Historians agree that it was the birth of modern science that caused this spurt. Science is curiosity-driven knowledge that attempts to explain the working of the physical world. Humans did not suddenly develop this curiosity in the 18th century. But they did, for the first time, develop a criterion for judging the correctness of scientific knowledge. This criterion is an experiment. By dropping two balls of different weights and showing that they reach the ground at the same time, Galileo became the world’s first modern experimental scientist. Galileo’s work inspired other scientists to check the predictions of their ideas against experiment, and within a few decades of his death, experiment-based science had established a firm foothold in Europe.

The sole inspiration for science is curiosity. Why does the Moon wax and wane? Why does the sky appear blue at midday and orange at sunset? On a summer day, why does a metal rod feel hotter to the touch than a wooden stick? These are all questions of science. By seeking explanations for such questions, we expand our knowledge of the laws that the physical world obeys. We accept explanations that pass the test of experiment and reject those that don’t.

This explains why the technological revolution gathered pace in the middle of the 18th century. As experimental science started increasing the quality and quantity of our knowledge of the physical world, it allowed us to engineer the world more efficiently to our requirements. Simply put, we can exploit the natural world better if we know the laws it runs on. Before the advent of experimental science, engineering was haphazard, inefficient, and ineffective. Consider civil engineering. Admittedly, humans had been building bridges and buildings, some of them, marvels of architecture, for thousands of years before Newton formulated his laws of motion. Modern construction techniques depend on knowledge of the forces inside beams, columns etc. predicted by Newtons’ laws. So how did people in the pre-Newton era construct buildings and bridges? By trial-and-error and by wasting a lot of energy, time, material, and human lives. The use of Newton’s laws made construction easier, efficient, economical, and safer. Almost every technological development of the last 250 years, from aircraft to laser surgery, and from the internet to electric vehicles, conforms to this blueprint. Simply put, modern technology would not have been possible without experiment-based science.
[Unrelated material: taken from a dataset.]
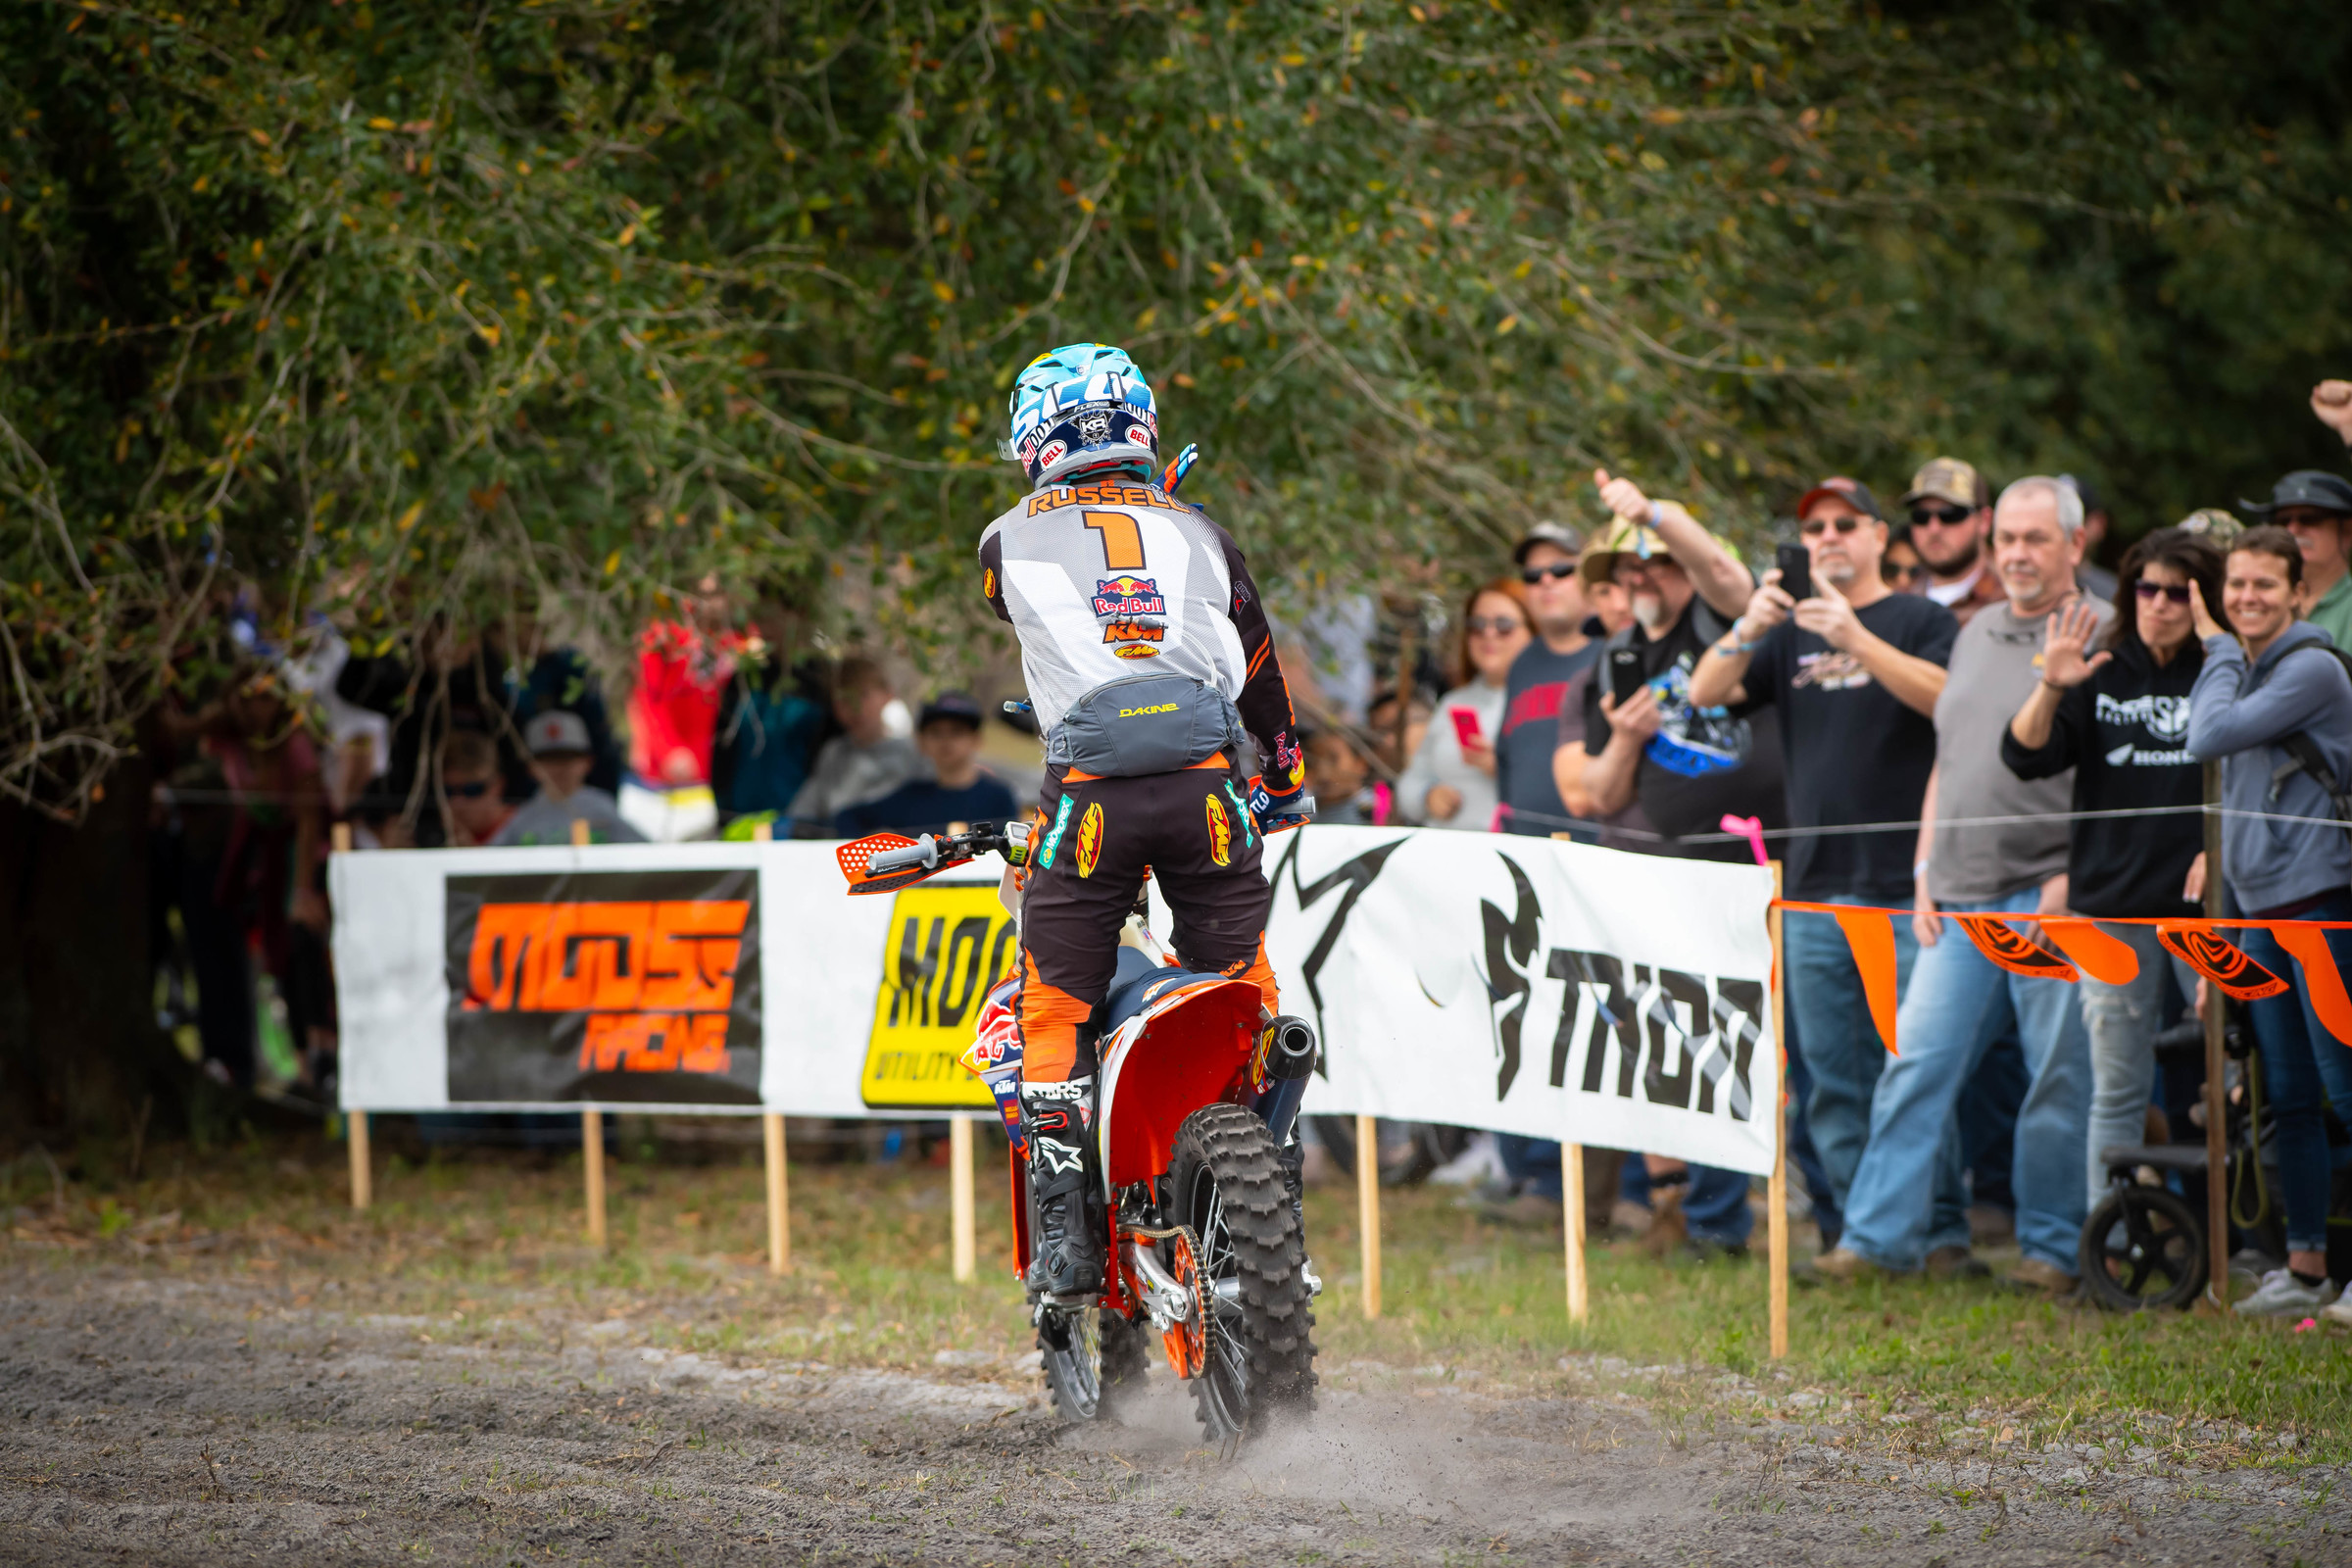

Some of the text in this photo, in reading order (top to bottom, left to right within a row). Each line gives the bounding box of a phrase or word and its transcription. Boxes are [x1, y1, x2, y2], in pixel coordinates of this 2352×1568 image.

The development of new technology depends crucially on the prior development of science. Science is the foundation on which the entire edifice of technology rests. Technology can be bought, borrowed, stolen, or copied without going through the trouble of doing science. But new technology cannot be created without science. Copying technology, commonly known as reverse engineering, may sometimes work, but it is only a temporary solution. The copiers of technology in contrast to the creators of technology always remain at least one step behind the creators of technology

Official attempts at promoting, what is commonly lumped together as “science and technology,” have been disastrous failures because they have deliberately avoided confronting the real issue: the poor quality of science education in our schools. Science is not something that can be switched on with the flip of a button. Science is a way of thinking, driven purely by curiosity. Curiosity has to be encouraged and nurtured at a young age. This requires good textbooks, a properly designed curriculum, and trained teachers. Pakistan’s education system does none of this. The only skills it teaches students are rote-learning and memorising for exams. The result is that after completing school, when a Pakistani student starts university, he is a spent force; unable to think critically and ask questions. The harm done in school years to students’ thinking abilities and analytical skills cannot be undone by glossy and expensive cosmetic changes at the university level. The rot starts at the roots. It has to be stopped at the roots

Unless meaningful, long-term, and fundamental changes are made to Pakistan’s dysfunctional science education, ministers will keep making hollow speeches, the actual gap between Pakistan and the rest of the world will keep growing, and reverse-engineered gadgets will continue to be the apex of our technological achievements.